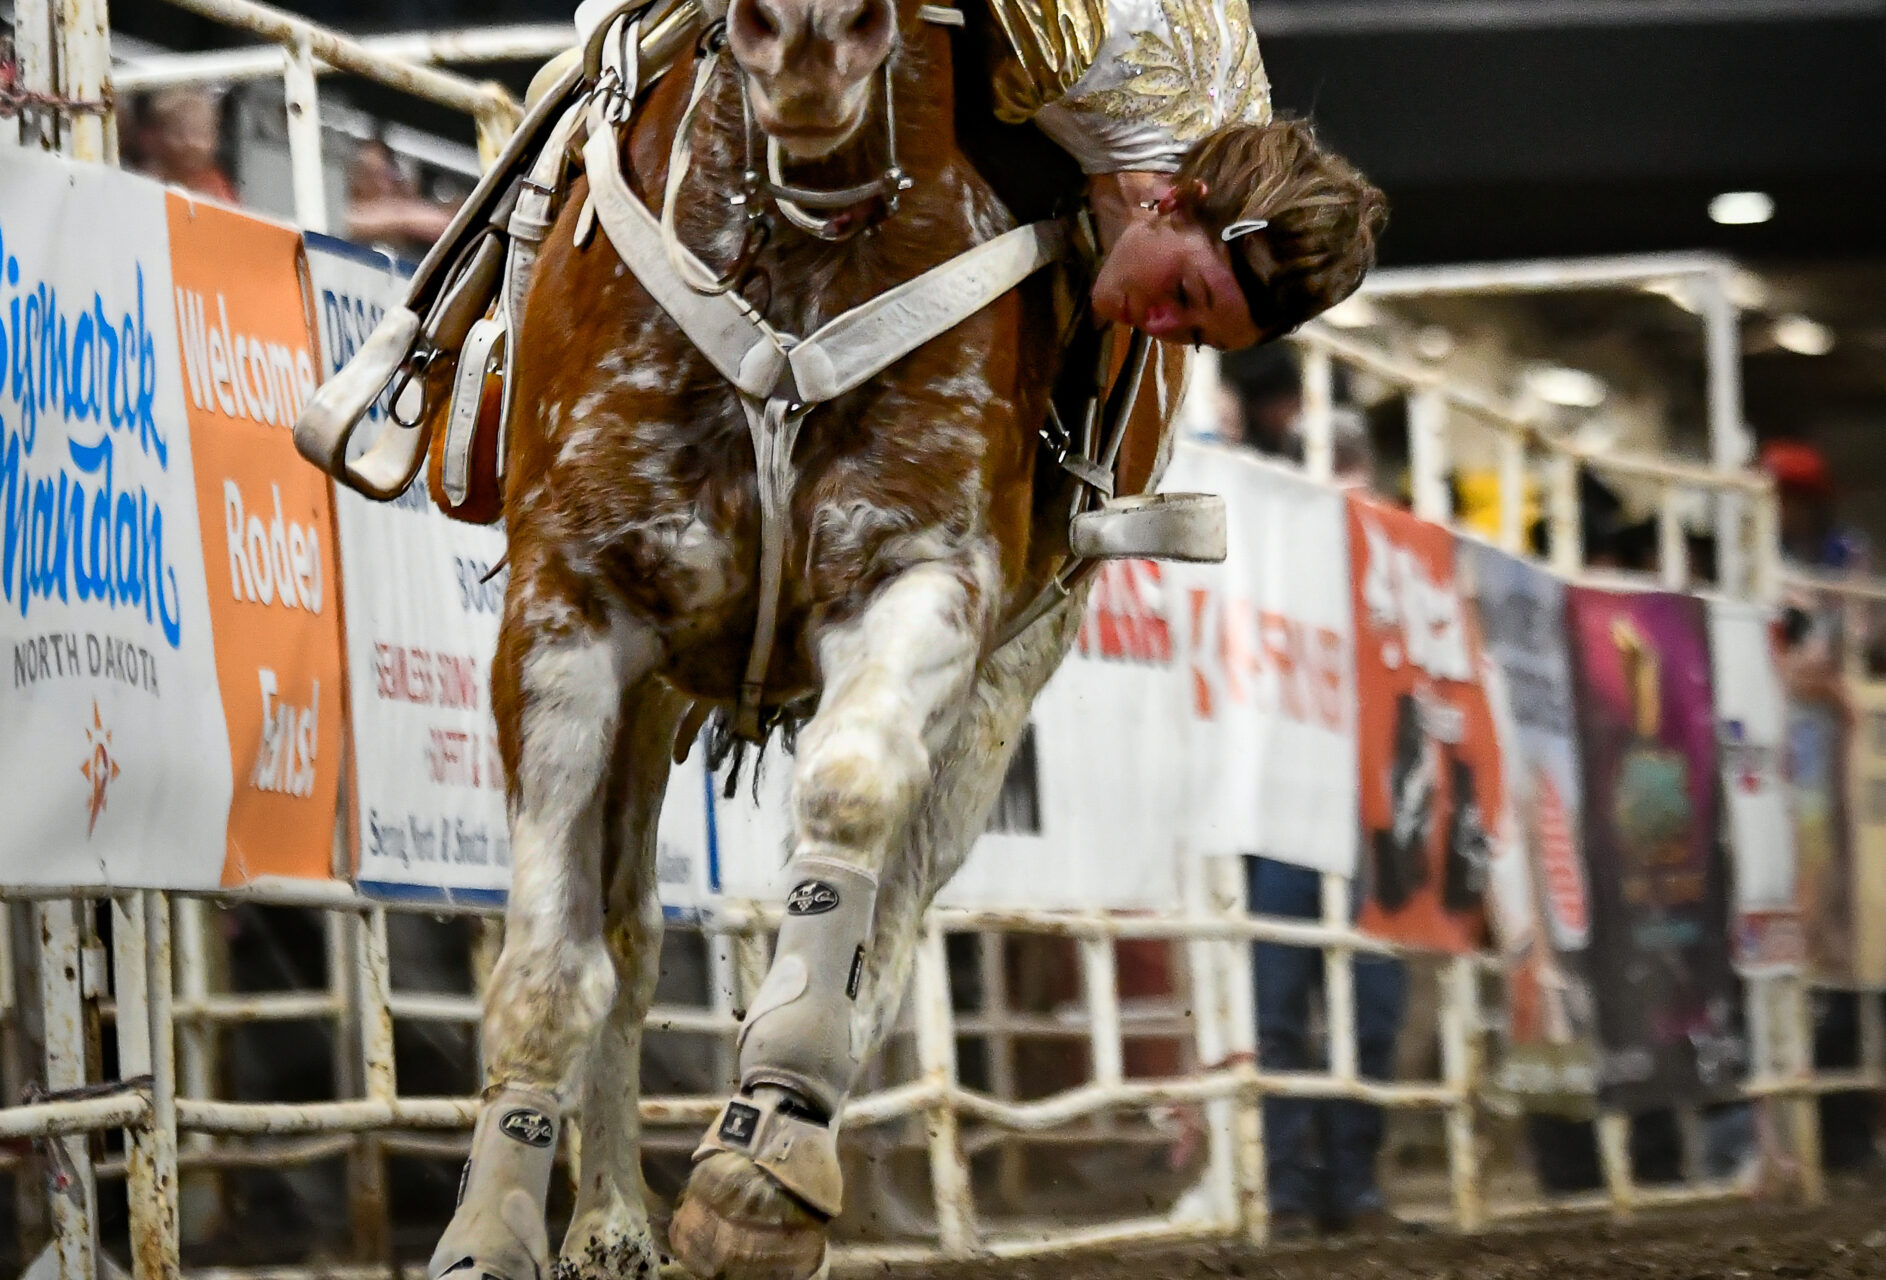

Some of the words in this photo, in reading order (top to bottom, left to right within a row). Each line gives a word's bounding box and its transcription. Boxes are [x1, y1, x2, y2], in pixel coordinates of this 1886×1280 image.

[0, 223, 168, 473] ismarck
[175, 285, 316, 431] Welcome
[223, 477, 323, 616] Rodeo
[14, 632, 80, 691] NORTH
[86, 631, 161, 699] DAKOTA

• • •

#### [Your assignment]
All of the data above must be printed exactly, minus its pictures.

#### [Completed exercise]
Some of the words in this photo, in reading order (top to bottom, left to right within a row). Each line gives a word's bounding box and its transcription. Boxes are [x1, y1, x2, y2], in pixel coordinates of this 1886×1280 image.

[0, 223, 168, 473] ismarck
[175, 285, 316, 431] Welcome
[223, 477, 323, 616] Rodeo
[14, 632, 80, 691] NORTH
[86, 631, 161, 699] DAKOTA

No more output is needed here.